Would you repeat each line below exactly, without the pictures?

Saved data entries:
------------------------------------------------------------

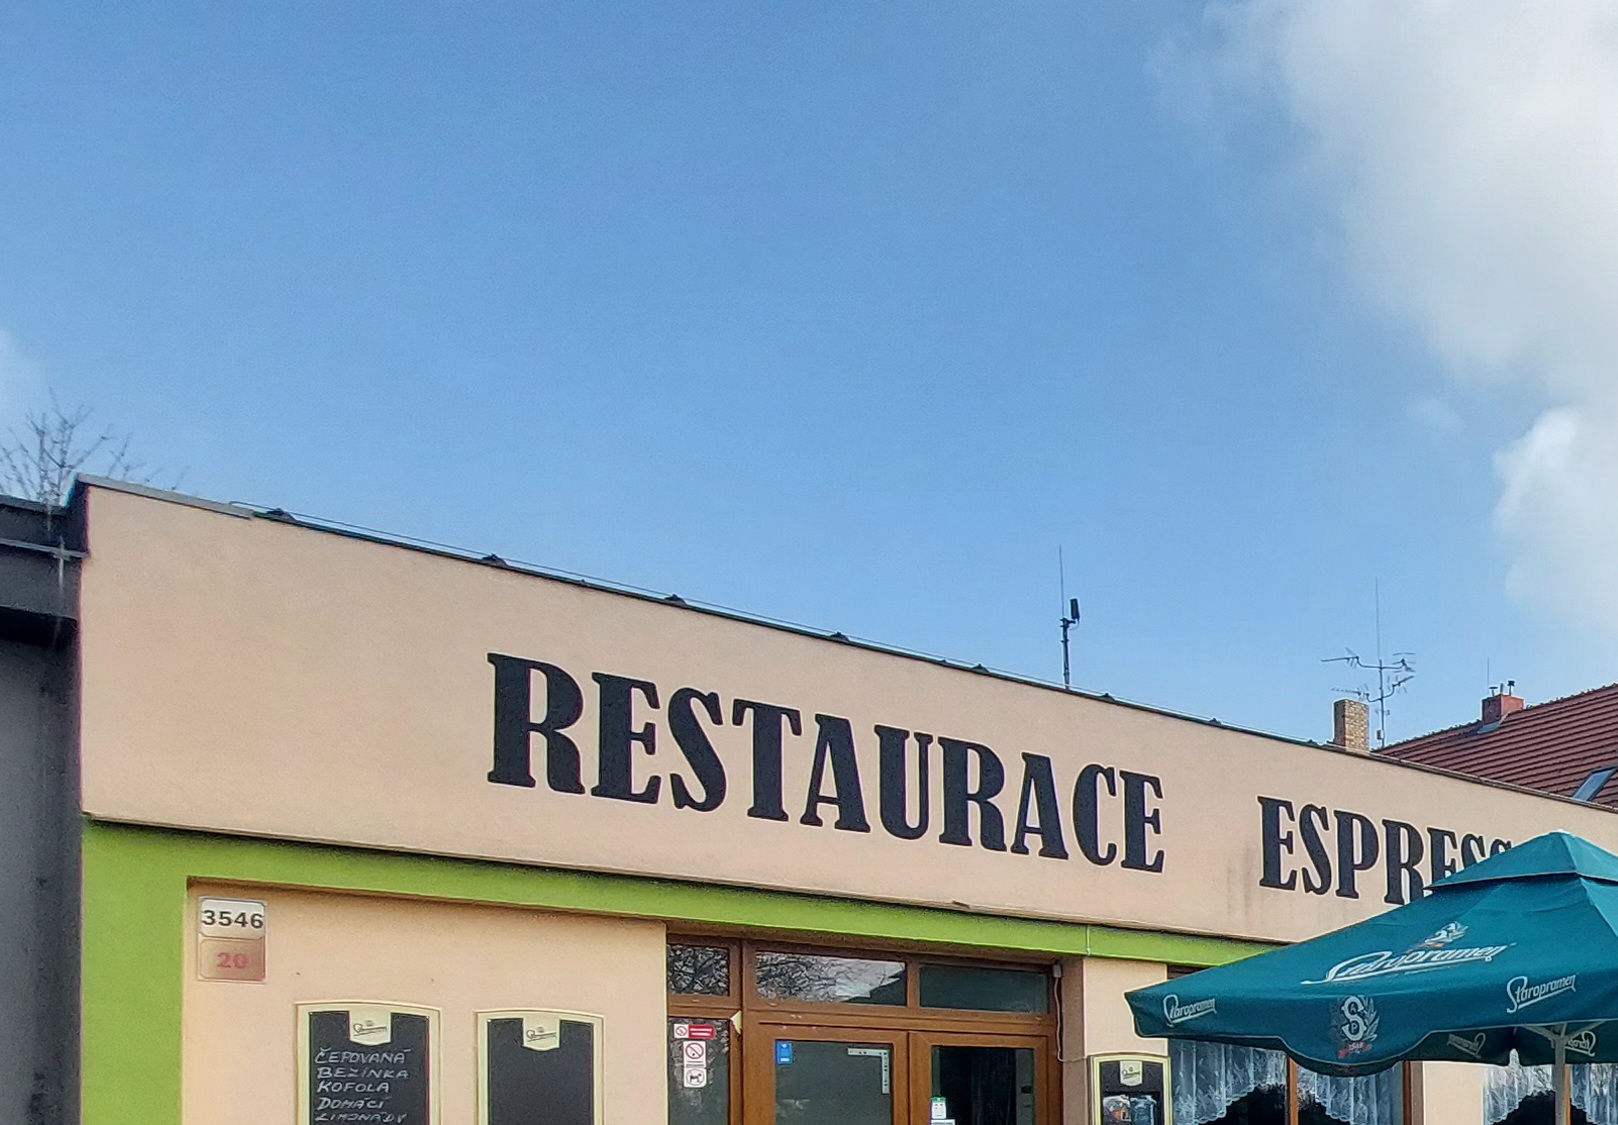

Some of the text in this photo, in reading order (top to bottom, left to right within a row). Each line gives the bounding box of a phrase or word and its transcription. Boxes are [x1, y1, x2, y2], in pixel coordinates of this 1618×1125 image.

[487, 652, 1164, 873] RESTAURACE
[201, 909, 265, 930] 3546
[217, 952, 249, 970] 20
[1506, 974, 1577, 1014] Staropramen
[316, 1081, 390, 1093] KOFOLA

------------------------------------------------------------

Written response:
Some of the text in this photo, in reading order (top to bottom, left to right within a row). Each line gives the bounding box of a phrase or word and its transcription. Boxes are [x1, y1, x2, y2], in pixel coordinates of this 1618×1125 image.

[487, 652, 1164, 873] RESTAURACE
[201, 909, 265, 930] 3546
[217, 952, 249, 970] 20
[1506, 974, 1577, 1014] Staropramen
[316, 1081, 390, 1093] KOFOLA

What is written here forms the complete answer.